→ **What is required**:
Without the images, write out the entries word for word.

=== Begin Enclosure ===

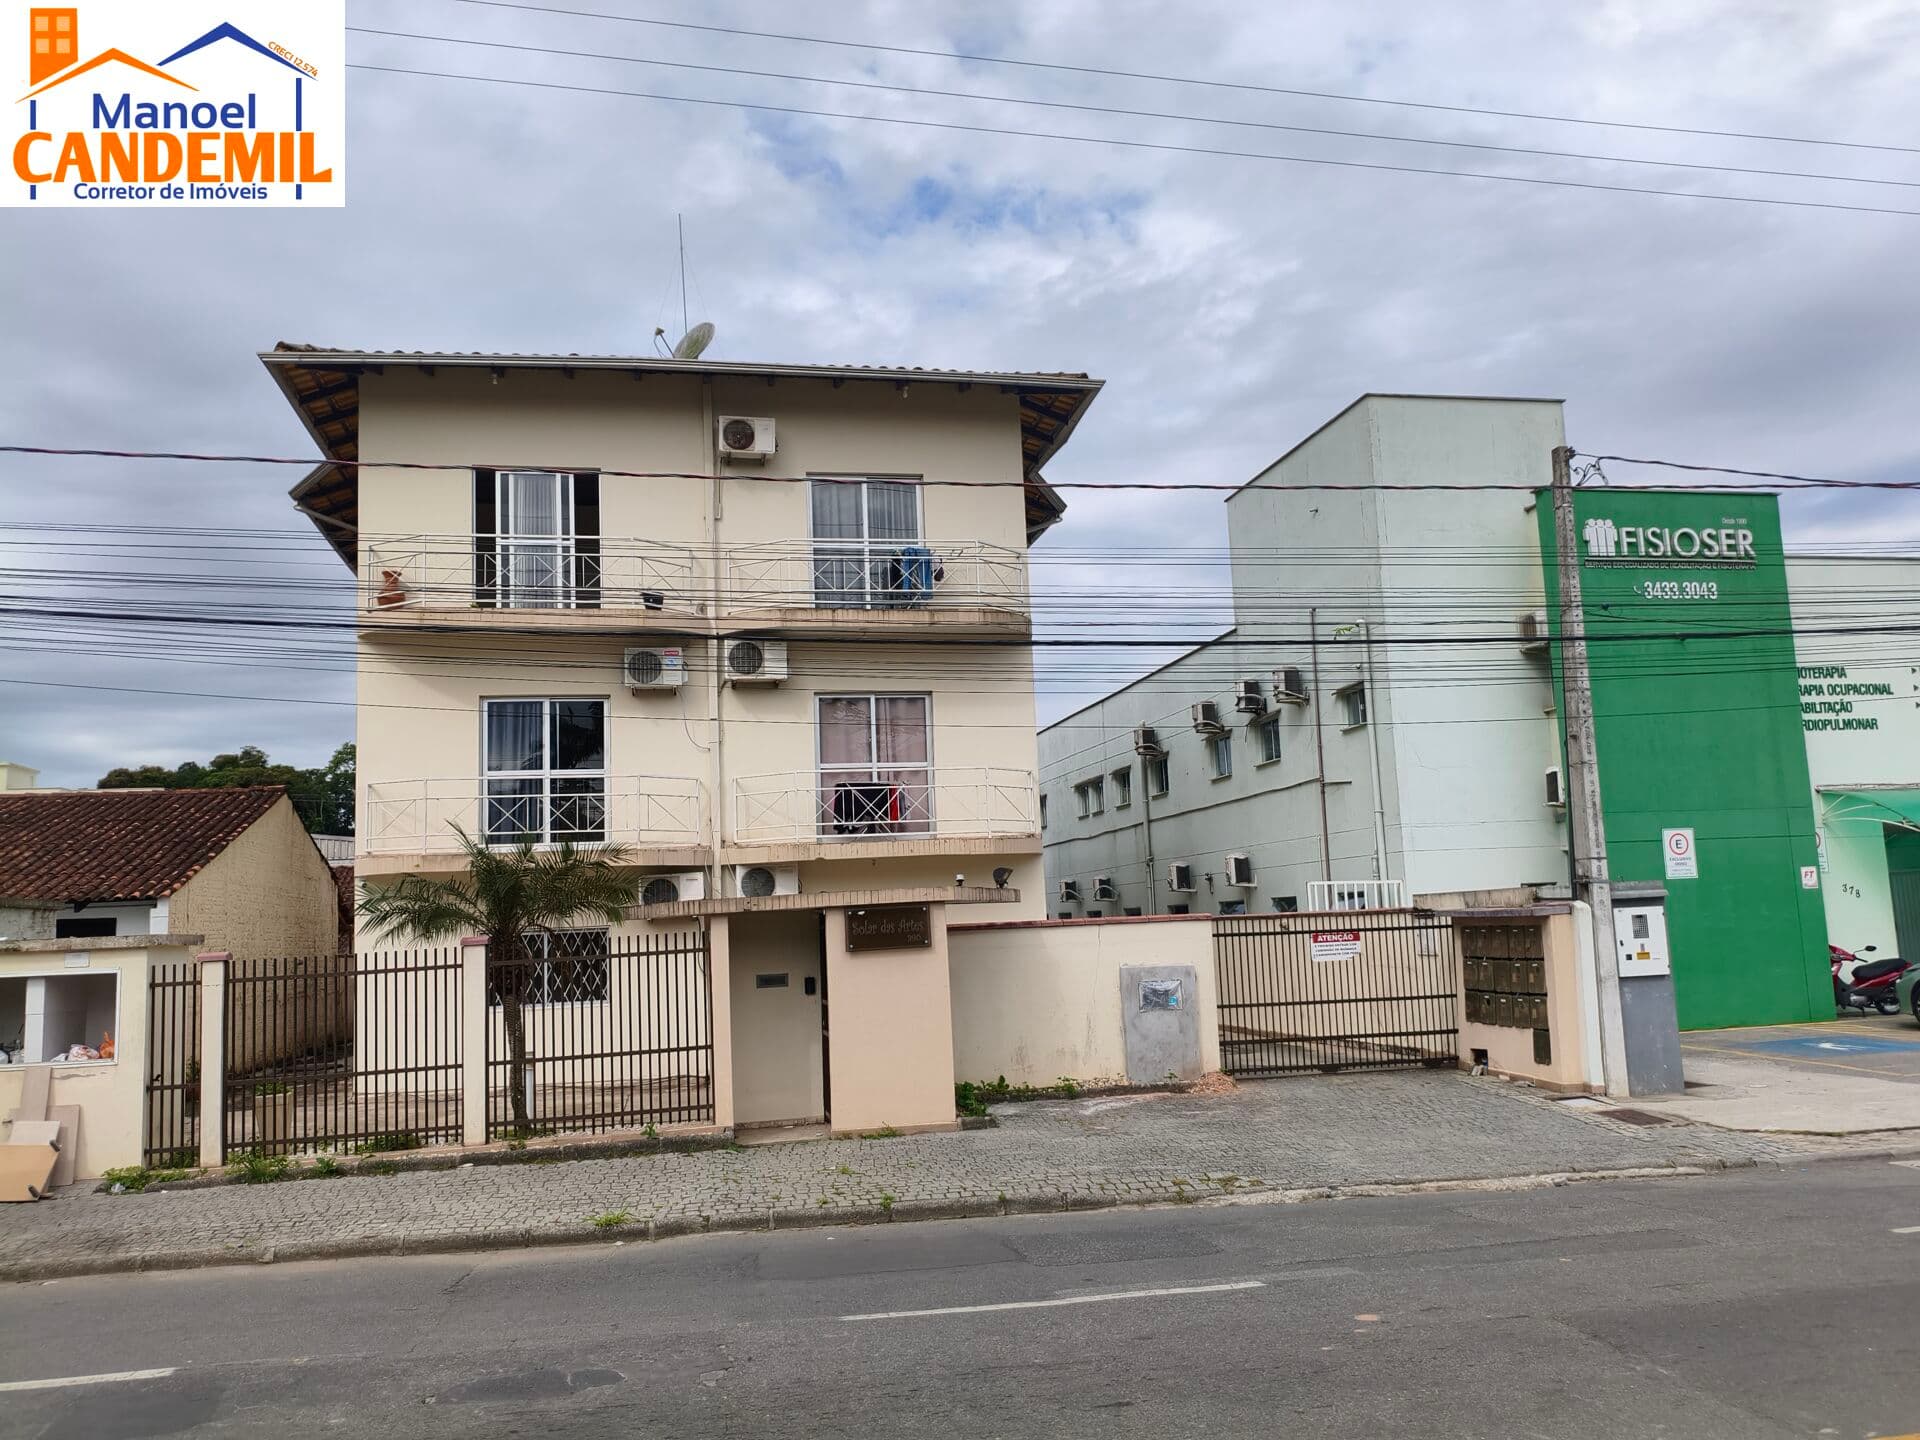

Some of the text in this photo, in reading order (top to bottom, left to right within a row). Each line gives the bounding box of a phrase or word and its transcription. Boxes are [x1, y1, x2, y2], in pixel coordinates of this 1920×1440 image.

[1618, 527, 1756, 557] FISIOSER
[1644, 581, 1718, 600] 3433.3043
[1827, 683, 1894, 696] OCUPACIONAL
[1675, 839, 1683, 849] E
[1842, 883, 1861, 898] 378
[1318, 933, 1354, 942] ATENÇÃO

=== End Enclosure ===

→ **Task response**:
Some of the text in this photo, in reading order (top to bottom, left to right within a row). Each line gives the bounding box of a phrase or word and its transcription. Boxes are [x1, y1, x2, y2], in pixel coordinates of this 1920×1440 image.

[1618, 527, 1756, 557] FISIOSER
[1644, 581, 1718, 600] 3433.3043
[1827, 683, 1894, 696] OCUPACIONAL
[1675, 839, 1683, 849] E
[1842, 883, 1861, 898] 378
[1318, 933, 1354, 942] ATENÇÃO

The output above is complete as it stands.